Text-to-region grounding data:
BEGIN

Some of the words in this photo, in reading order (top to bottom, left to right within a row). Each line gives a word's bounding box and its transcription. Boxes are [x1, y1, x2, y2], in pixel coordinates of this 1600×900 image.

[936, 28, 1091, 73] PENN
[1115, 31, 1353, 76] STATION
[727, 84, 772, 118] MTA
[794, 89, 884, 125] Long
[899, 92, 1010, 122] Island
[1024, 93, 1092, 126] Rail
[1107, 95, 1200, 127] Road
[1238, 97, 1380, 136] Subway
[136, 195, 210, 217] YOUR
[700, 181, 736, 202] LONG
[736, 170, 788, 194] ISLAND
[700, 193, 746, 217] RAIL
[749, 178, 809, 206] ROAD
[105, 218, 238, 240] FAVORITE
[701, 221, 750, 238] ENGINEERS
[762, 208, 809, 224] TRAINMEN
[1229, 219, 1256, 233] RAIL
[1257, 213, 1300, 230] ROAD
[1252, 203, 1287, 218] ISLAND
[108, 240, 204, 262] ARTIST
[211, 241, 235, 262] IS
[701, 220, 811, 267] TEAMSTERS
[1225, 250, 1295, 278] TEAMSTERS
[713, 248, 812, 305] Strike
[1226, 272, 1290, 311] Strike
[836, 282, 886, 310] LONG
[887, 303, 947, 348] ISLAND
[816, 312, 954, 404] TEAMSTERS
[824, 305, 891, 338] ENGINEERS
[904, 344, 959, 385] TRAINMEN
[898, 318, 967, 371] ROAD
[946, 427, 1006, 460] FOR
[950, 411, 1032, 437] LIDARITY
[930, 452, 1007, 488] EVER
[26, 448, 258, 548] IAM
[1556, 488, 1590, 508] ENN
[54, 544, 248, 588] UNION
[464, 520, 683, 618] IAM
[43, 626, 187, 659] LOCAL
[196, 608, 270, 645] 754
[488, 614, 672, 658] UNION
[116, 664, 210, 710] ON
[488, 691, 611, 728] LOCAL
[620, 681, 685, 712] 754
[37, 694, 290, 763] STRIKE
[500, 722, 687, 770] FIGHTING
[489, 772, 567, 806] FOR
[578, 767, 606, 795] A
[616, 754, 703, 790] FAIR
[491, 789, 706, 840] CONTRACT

END

● **What needs to be done**: The lines above that include "TEAMSTERS" should each be listed.

● **Result of this task**:
[701, 220, 811, 267] TEAMSTERS
[1225, 250, 1295, 278] TEAMSTERS
[816, 312, 954, 404] TEAMSTERS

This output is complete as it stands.